**Task description**
Scan the entries below and count the lines holding the string "BLOWERS". Supply only the number.

**Information supplied**
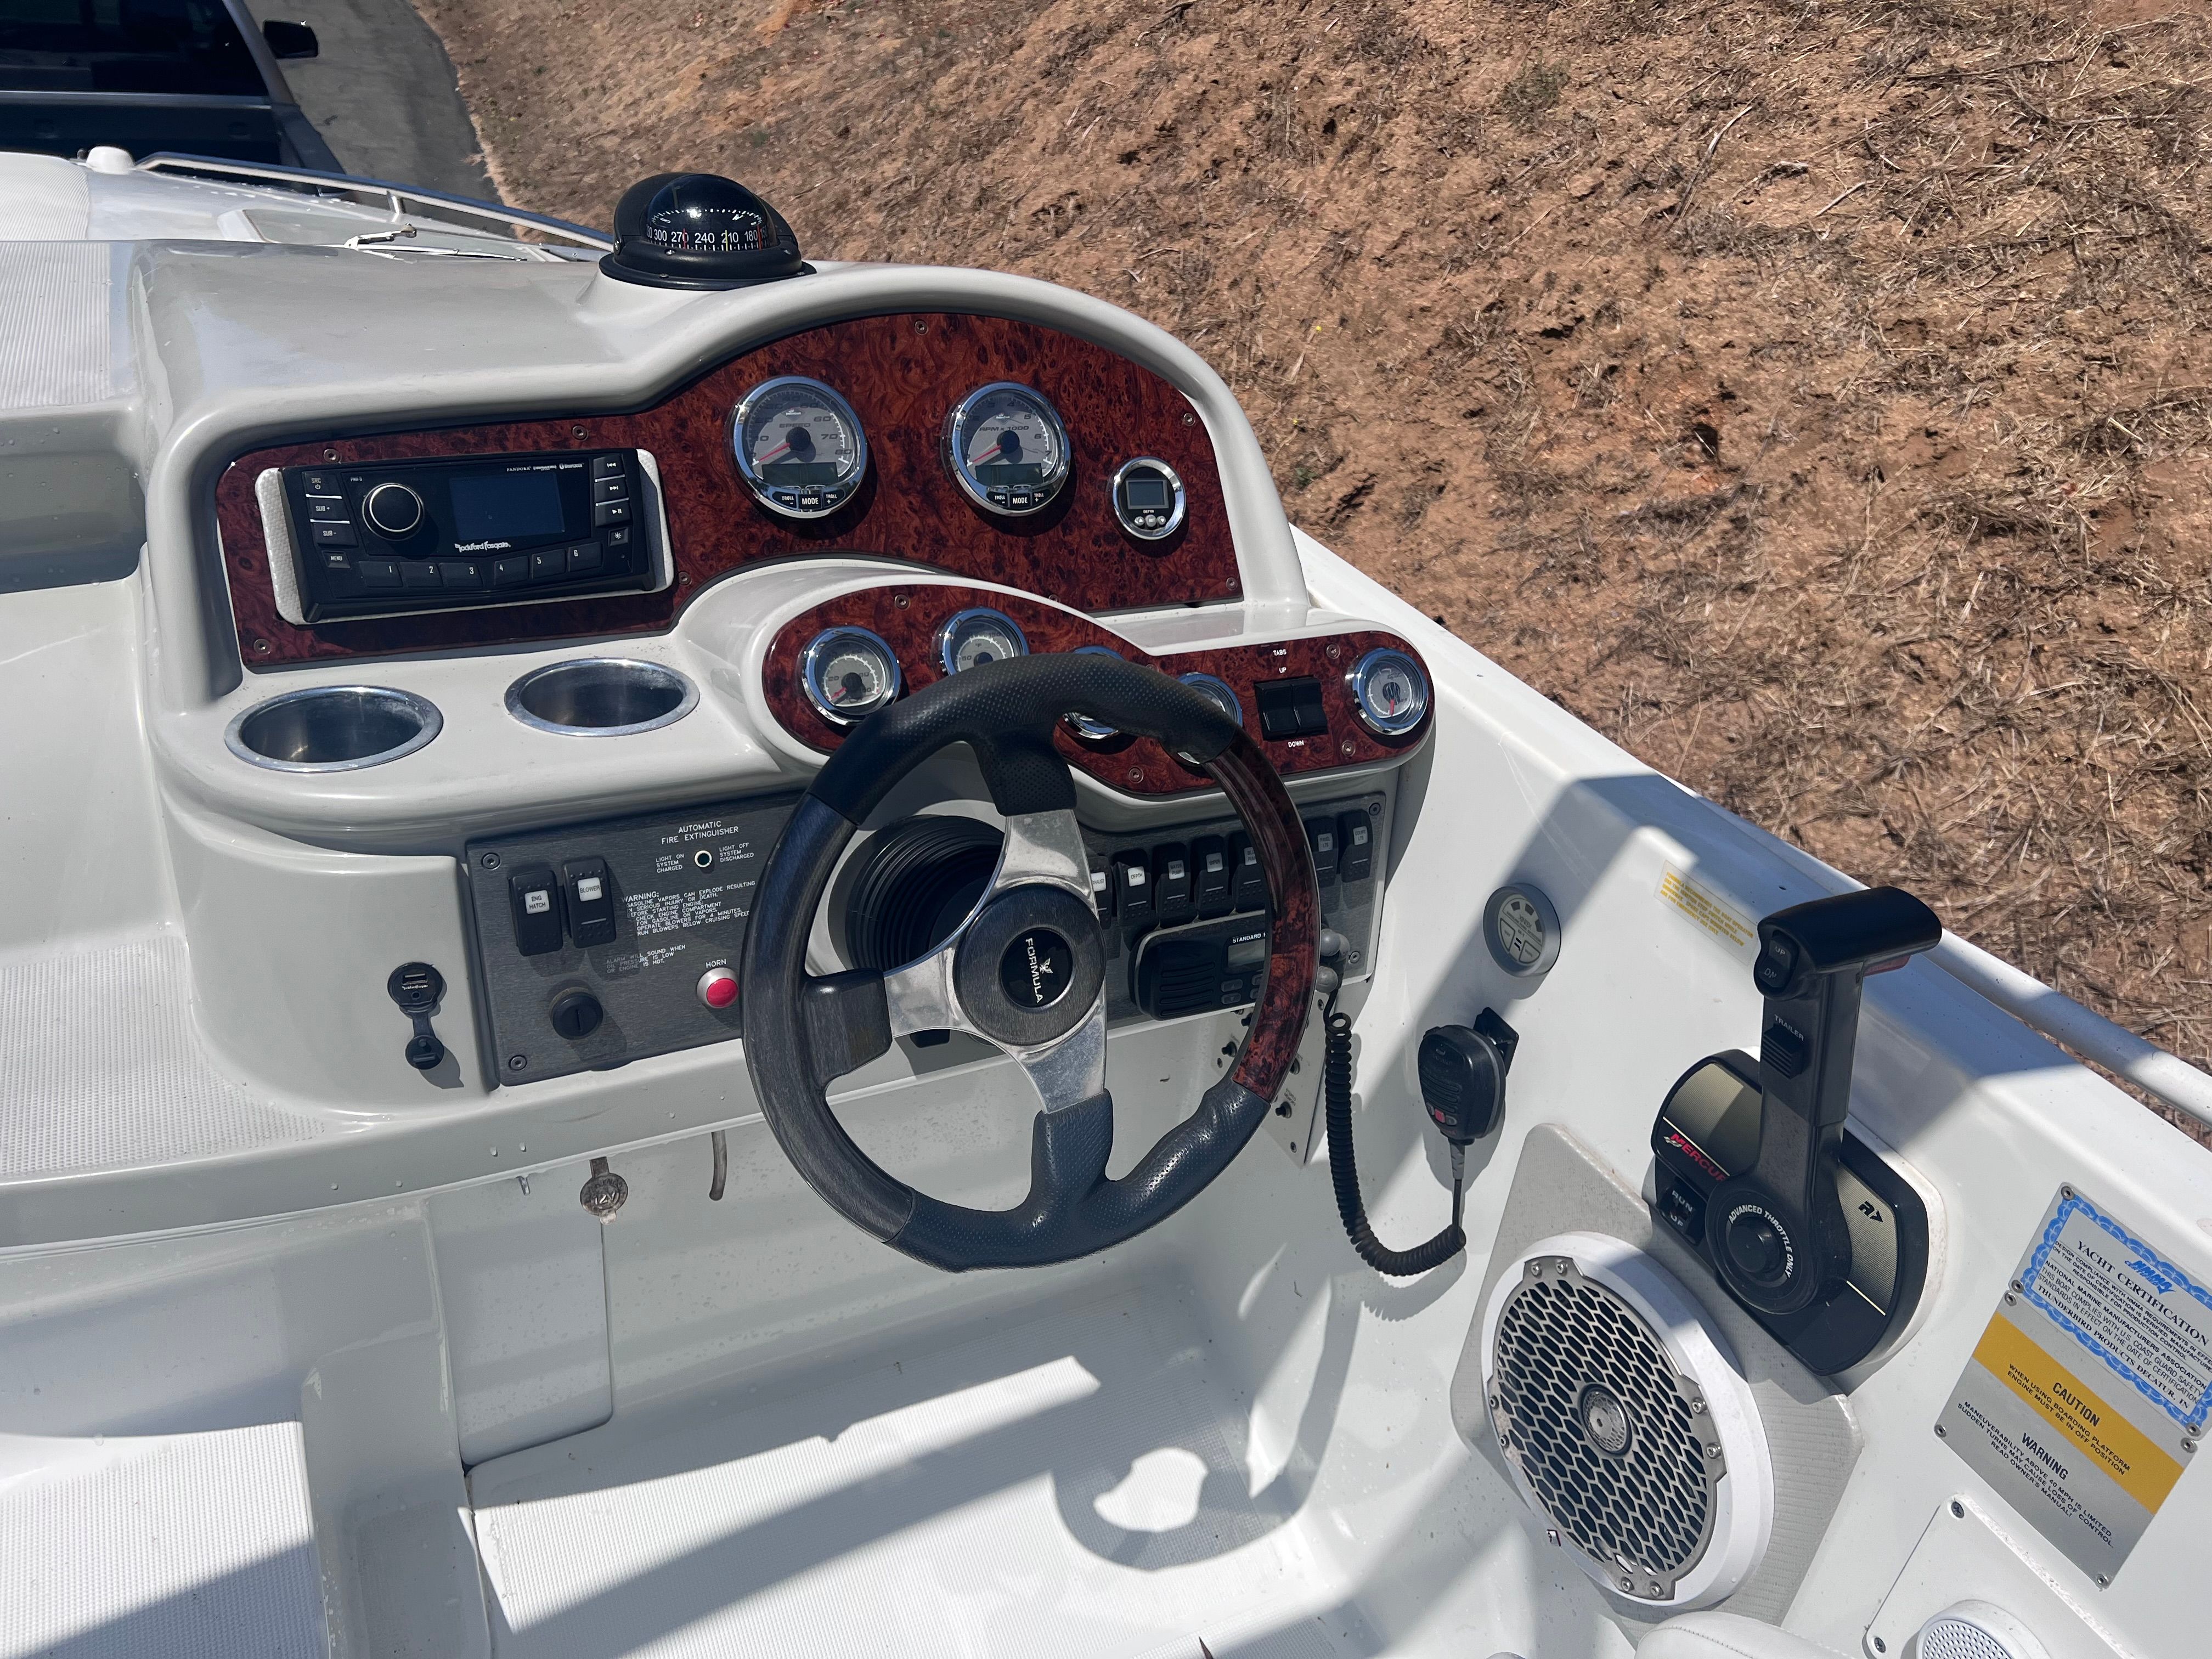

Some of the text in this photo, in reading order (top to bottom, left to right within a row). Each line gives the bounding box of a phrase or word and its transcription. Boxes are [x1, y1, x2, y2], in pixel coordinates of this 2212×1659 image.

[654, 229, 758, 244] 300 270 240 210 180
[454, 541, 511, 553] Rockford Fosgate
[662, 826, 739, 844] FIRE EXTINGUISHER
[678, 821, 721, 833] AUTOMATIC
[657, 865, 683, 873] CHARGED
[720, 853, 754, 862] DISCHARGED
[579, 885, 600, 894] BLOWER
[621, 891, 659, 902] WARNING:
[627, 899, 654, 908] GASOLINE
[658, 894, 680, 902] VAPORS
[698, 887, 723, 895] EXPLODE
[727, 881, 755, 890] RESULTING
[636, 902, 661, 911] SERIOUS
[652, 905, 679, 913] STARTING
[652, 915, 679, 923] GASOLINE
[695, 907, 718, 916] VAPORS.
[658, 910, 678, 918] ENGINE
[682, 901, 721, 913] COMPARTMENT
[637, 922, 661, 931] OPERATE
[665, 917, 691, 926] BLOWERS
[718, 907, 742, 916] MINUTES.
[652, 924, 679, 933] BLOWERS
[705, 915, 730, 923] CRUISING
[1232, 933, 1261, 943] STANDARD
[606, 956, 625, 964] ALARM
[620, 957, 648, 966] PRESSURE
[1775, 946, 1786, 955] UP
[706, 959, 727, 969] HORN
[1025, 938, 1043, 1003] FORMULA
[1774, 1014, 1804, 1041] TRAILER
[1670, 1132, 1726, 1181] MERCUR
[1672, 1190, 1693, 1212] RUN
[1858, 1200, 1875, 1216] R
[1729, 1204, 1794, 1278] ADVANCED THROTTLE ONLY
[2055, 1241, 2075, 1259] DESIGN
[2075, 1257, 2111, 1285] COMPLIANCE
[2111, 1284, 2126, 1297] WITH
[2126, 1296, 2143, 1312] NMMA
[2145, 1310, 2188, 1346] REQUIREMENTS
[2061, 1253, 2136, 1312] THE DATE CERTIFICATION
[2078, 1240, 2115, 1273] YACHT
[2117, 1272, 2210, 1346] CERTIFICATION
[2045, 1260, 2207, 1390] NATIONAL MARINE MANUFACTURERS ASSOCIATION
[2073, 1268, 2113, 1300] RESPONSIBLE
[2111, 1298, 2122, 1310] FOR
[2123, 1308, 2159, 1338] PRODUCTION
[2160, 1337, 2186, 1361] CONTROL
[2038, 1273, 2199, 1404] STANDARDS IN EFFECT ON THE DATE OF CERTIFICATION
[2042, 1267, 2204, 1397] THIS BOAT COMPLIES WITH COAST GUARD SAFETY
[2038, 1284, 2191, 1409] THUNDERBIRD PRODUCTS DECATUR, IN
[2052, 1382, 2101, 1427] CAUTION
[2007, 1370, 2125, 1475] ENGINE MUST BE IN OFF POSITION
[2009, 1363, 2131, 1471] WHEN USING BOARDING PLATFORM
[2021, 1432, 2069, 1480] WARNING
[1957, 1403, 2113, 1548] SUDDEN TURNS MAY CAUSE LOSS OF CONTROL.
[1964, 1401, 2112, 1537] MANEUVERABILITY ABOVE 40 MPH IS LIMITED
[1991, 1440, 2073, 1518] READ OWNER'S MANUAL!

**Solution for this problem**
2